“Carpe diem! Rejoice while you are alive; enjoy the day; live life to the fullest; make the most of what you have. It is later than you think.” – Horace

English class. Sophomore year. I first heard the phrase “Carpe Diem,” which my teacher told us meant, seize the day. The same year Dead Poet’s Society debuted at the movie theater. I recall the pivotal scene where Robin Williams implores his students to look at the glass display cases and really study the faces of  previous graduates. He questions whether these individuals lived the lives they wanted.  He asks his students to really live their life completely and to make their lives extraordinary.

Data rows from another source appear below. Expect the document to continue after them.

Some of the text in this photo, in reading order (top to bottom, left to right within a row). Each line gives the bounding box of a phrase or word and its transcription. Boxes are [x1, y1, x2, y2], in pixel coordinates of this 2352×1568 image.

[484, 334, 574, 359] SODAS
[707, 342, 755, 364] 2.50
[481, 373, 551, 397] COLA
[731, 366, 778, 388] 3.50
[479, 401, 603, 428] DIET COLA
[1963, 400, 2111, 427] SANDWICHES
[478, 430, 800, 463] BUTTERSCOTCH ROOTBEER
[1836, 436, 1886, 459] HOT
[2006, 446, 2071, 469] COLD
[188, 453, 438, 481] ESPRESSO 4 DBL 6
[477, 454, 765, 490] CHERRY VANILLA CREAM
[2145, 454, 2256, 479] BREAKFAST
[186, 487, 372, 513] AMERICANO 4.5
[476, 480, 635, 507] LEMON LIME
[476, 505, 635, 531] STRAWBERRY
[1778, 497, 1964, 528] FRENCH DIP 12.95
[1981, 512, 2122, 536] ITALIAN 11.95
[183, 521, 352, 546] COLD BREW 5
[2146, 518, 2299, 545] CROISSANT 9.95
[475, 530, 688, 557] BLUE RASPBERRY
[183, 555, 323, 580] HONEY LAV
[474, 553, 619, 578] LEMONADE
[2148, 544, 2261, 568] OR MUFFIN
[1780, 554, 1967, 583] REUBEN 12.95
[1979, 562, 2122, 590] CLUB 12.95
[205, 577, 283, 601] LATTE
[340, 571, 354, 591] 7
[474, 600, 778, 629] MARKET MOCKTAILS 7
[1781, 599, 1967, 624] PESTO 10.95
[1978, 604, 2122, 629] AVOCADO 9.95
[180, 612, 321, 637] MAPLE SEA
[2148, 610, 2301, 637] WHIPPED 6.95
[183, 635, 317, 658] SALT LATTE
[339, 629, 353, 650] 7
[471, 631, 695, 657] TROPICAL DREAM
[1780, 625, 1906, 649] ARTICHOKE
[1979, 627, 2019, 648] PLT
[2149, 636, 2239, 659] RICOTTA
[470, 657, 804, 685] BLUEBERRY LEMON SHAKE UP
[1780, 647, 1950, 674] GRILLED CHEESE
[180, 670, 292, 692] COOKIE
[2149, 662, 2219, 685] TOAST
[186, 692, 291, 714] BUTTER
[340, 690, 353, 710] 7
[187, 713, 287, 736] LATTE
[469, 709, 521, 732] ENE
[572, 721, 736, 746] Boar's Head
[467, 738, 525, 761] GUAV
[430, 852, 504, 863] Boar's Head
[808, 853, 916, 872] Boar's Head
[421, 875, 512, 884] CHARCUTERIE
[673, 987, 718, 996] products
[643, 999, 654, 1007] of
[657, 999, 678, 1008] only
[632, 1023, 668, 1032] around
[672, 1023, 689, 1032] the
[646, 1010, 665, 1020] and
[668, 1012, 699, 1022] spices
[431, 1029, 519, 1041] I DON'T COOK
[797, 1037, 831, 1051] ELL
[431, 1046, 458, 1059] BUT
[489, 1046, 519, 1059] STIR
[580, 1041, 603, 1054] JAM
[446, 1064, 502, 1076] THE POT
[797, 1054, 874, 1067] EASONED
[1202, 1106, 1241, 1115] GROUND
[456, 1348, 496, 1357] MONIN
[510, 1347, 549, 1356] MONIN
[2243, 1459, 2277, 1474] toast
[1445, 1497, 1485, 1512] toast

Through most of our lives, we’ve been asked to live our life to the fullest. We are all well aware that life is short. There is a finite time to live, experience, love and travel through life. But, lately, I’ve pondered the gravity of this phrase. What does it mean to really live your life to the fullest? I’m not certain I know really what it is supposed to feel like. Yesterday, “seizing the day” meant this: exercising in the morning, washing dishes, cleaning our bathrooms, fixing lunch for my husband and daughter, folding laundry, and sharing a dinner out with my family. I didn’t work on my memoir or travel anywhere or do anything that separated this day from the previous two days. I’ve obsessed about living life to the fullest and wondered how do I really do this?

Theoretically, if we thought we were living our life to the fullest, would we really even know it? It has to be evaluated in retrospect. I’ve come to terms that I may not live up to the ideals that William’s character talks about in Dead Poet’s Society. It sounds glorious in theory to make our lives extraordinary, but I am not certain that many of us are destined for that pathway. The absolute truth is that everyday I’m living my life doing wholly ordinary tasks that doesn’t include any real magnificent revelations. Is this living life to the fullest? Probably not in Horace’s eyes.

Is it a life that I am embracing and choosing to live? Yes. And that is what matters to me. I am not certain that it would meet any objective criteria of living an extraordinary life, but it is the life I am purposefully choosing to live.

Do you struggle in defining what it means to live life to the fullest? Do you think it is overused and rendered meaningless? Are you taking steps everyday to live an extraordinary life?